Even though it’s 11pm by the time we near her home, it doesn’t stop Alice from giving me a local tour of Hartsburg to show me her school house and the local sites of her youth. It is a literal school house, the likes of which I’ve only seen in western movies, and I feel transported in time. Next, we drop off Marie and then arrive at Alice’s where we gab on the couch past both of our usual bedtimes. By now it’s been 10 hours since I began my journey, but the time change would have you believe 12 hours if you look at a local clock, and Alice has some stunning antique clocks in her home. I can’t stop staring at how beautifully intricate every detail is. It’s been so long since I’ve seen her that I don’t want to miss a moment in her congenial presence, but our eyelids put up a fight and we call it day.
We sleep until our hearts content the next morning and enjoy tea and toast as we slowly come to. It’s Thanksgiving day but we accidentally miss most of the televised Macy’s Thanksgiving Day Parade, instead catching up with the stories of the past near decade. It’s already 3:15pm by the time we realize we’re about to have company and better get the food going. The doorbell rings.

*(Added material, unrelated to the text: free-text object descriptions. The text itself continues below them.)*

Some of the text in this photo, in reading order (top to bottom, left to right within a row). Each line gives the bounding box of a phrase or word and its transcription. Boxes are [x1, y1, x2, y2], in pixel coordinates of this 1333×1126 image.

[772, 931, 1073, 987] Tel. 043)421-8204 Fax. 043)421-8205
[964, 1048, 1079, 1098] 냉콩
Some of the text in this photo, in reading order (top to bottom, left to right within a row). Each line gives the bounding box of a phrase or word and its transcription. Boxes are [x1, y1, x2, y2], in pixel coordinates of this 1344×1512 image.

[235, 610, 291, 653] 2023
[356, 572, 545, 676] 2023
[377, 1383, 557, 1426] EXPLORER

Alice is a self made woman and at 76 years young she still doesn’t need a thing from anyone. She seemingly effortlessly handles the entire meal while I get to know her sister, brother-in-law, and his son. She finally accepts my pleas to help and lets me carry the finished dishes to the dining table.
Everyone is chatting as if we already know each other. Marie even starts to wonder if she’s met me before. I wonder too, but it isn’t so. The day turns to night and after swapping tales and stuffing our gills, we clean up and part ways. Alice and I don’t make it as far into the wee hours this time, and I sleep like a log in the quietest home in all of Illinois.

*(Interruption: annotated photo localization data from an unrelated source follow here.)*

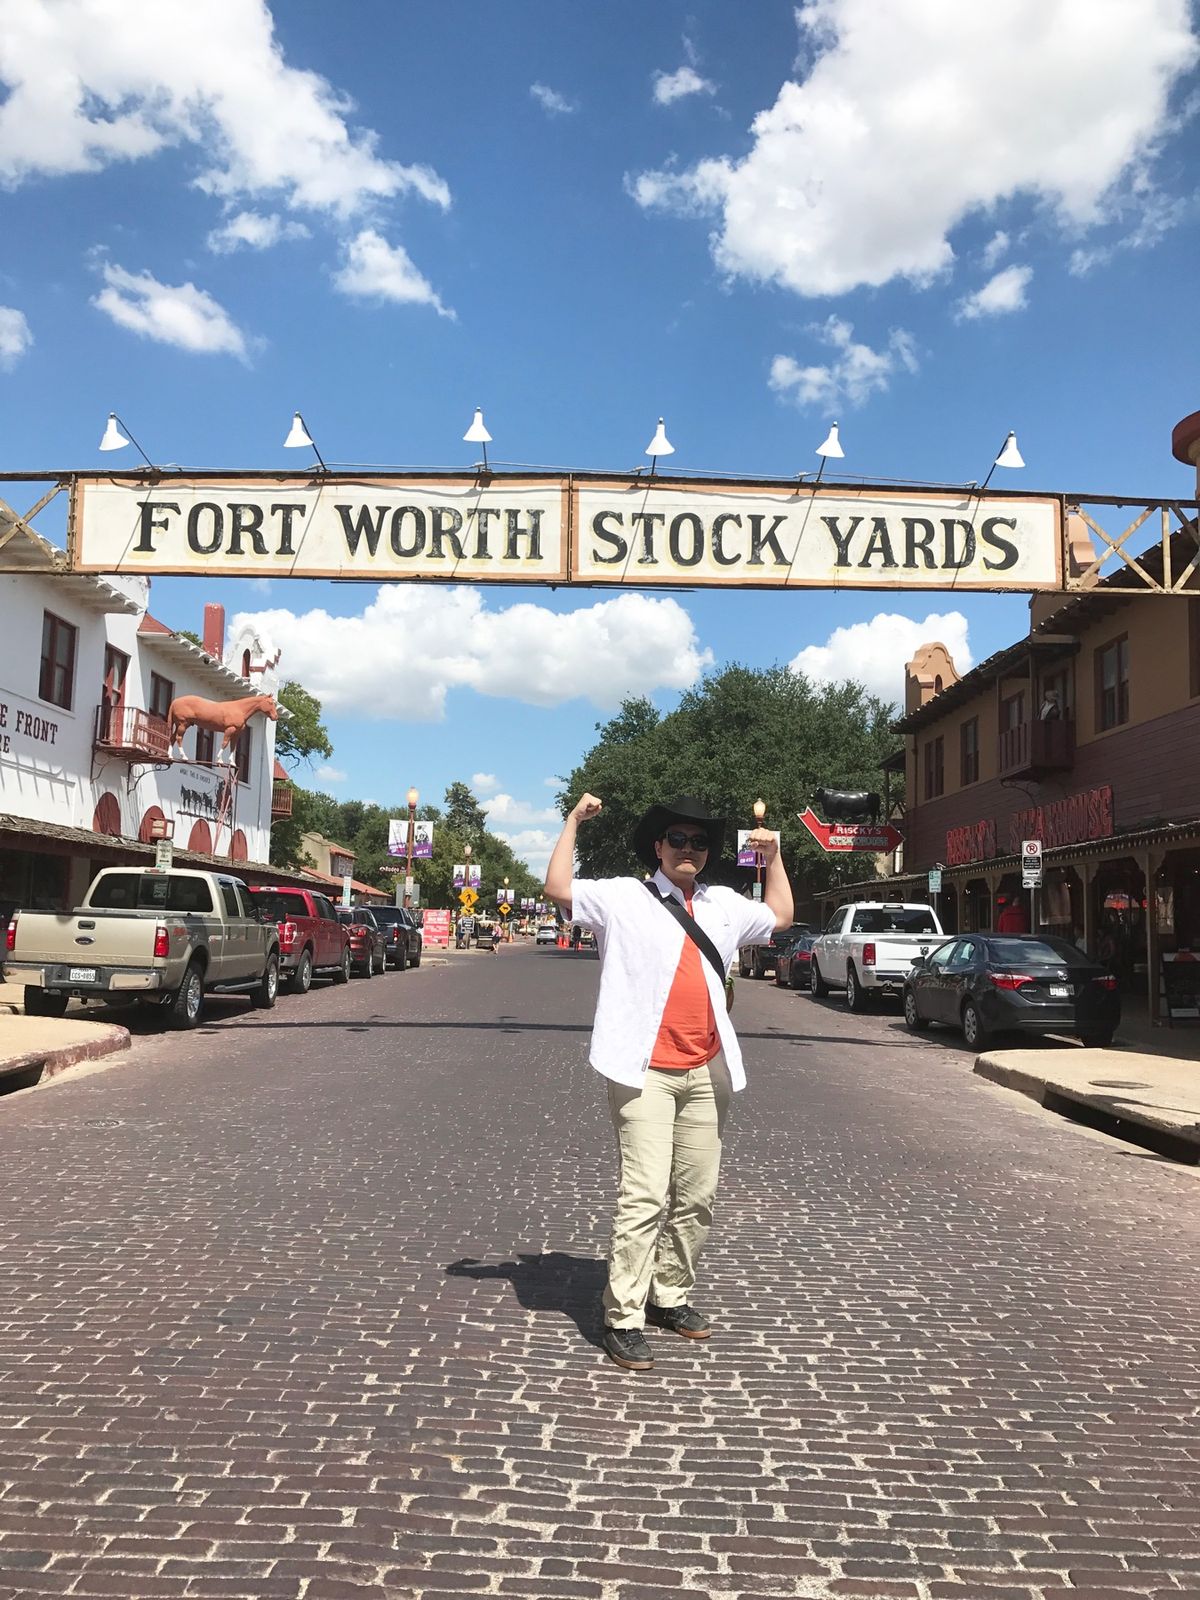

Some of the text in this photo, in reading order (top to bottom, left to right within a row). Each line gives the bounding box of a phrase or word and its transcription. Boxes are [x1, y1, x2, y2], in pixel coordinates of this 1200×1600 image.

[132, 501, 1020, 571] FORT WORTH STOCK YARDS
[15, 709, 58, 745] FRONT
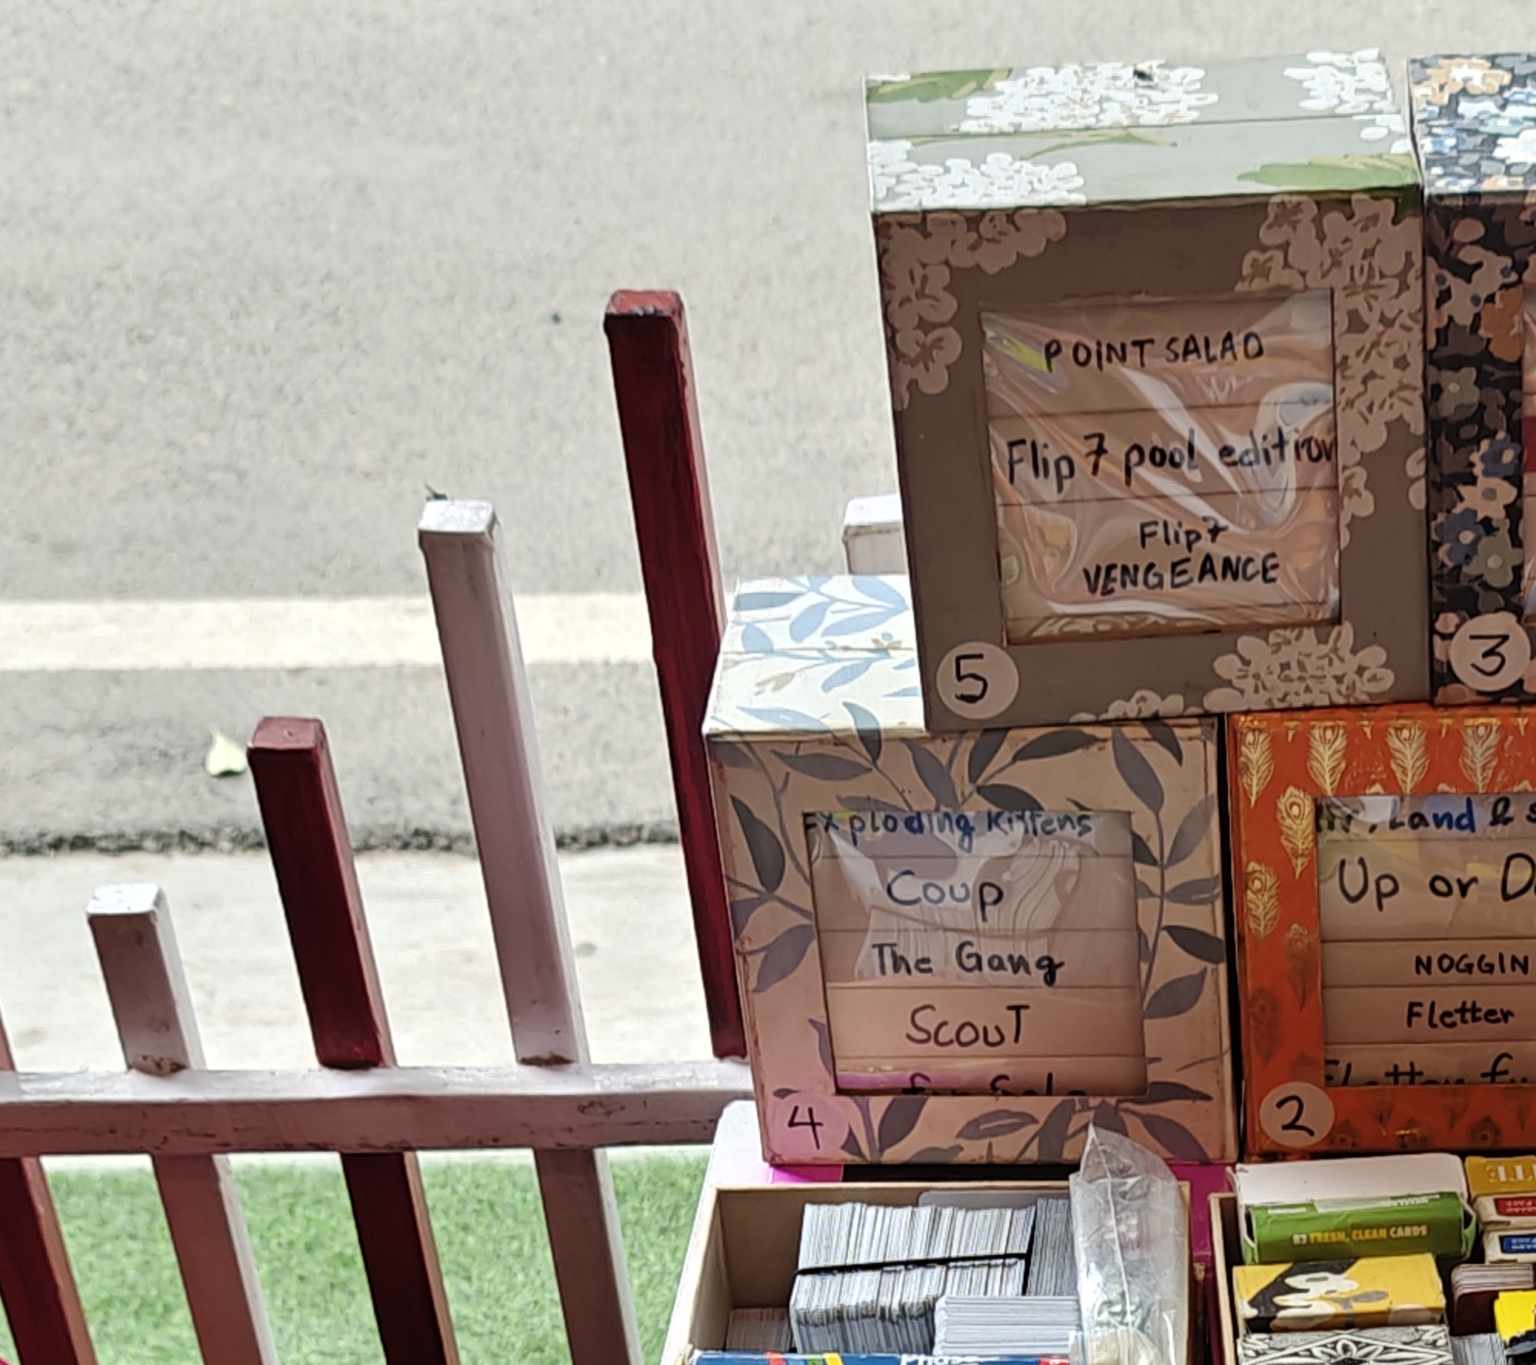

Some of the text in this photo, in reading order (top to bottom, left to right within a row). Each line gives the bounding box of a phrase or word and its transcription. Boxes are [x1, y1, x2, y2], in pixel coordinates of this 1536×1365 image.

[1045, 331, 1264, 373] POINT SALAD
[1006, 440, 1075, 494] Flip
[1124, 427, 1201, 487] pool
[1083, 551, 1280, 597] VENGEANCE
[1468, 634, 1510, 678] 3
[954, 653, 990, 705] 5
[1387, 796, 1477, 833] Land
[1489, 796, 1515, 827] &
[887, 869, 1004, 923] Coup
[1337, 855, 1400, 913] Up
[1428, 872, 1480, 900] or
[870, 940, 1065, 987] The Gang
[1413, 952, 1531, 977] NOGGIN
[1405, 1000, 1516, 1030] Fletter
[786, 1105, 824, 1150] 4
[1275, 1094, 1315, 1138] 2
[1389, 1225, 1428, 1239] CARDS

It’s only been about 34 hours since I arrived but I’m leaving this next day. I want to cram in as much as possible. There are some pretty big bird feeders outside that I’m hoping to fill while Alice is still sleeping, but she’s hidden the seed from the resourceful country mice, and consequently me, so I can’t find it anywhere. While searching, I go outside and find there is a cemetery right here on the property. Alice’s house is a converted church, next to the old railroad depot. She told me Seth was buried here, but it was dark when I arrived and we never ventured out of the house the day before. I had wondered if it was commonplace to have a backyard burial in the state of Illinois. Stepping outside and realizing where I was, it suddenly made a lot more sense.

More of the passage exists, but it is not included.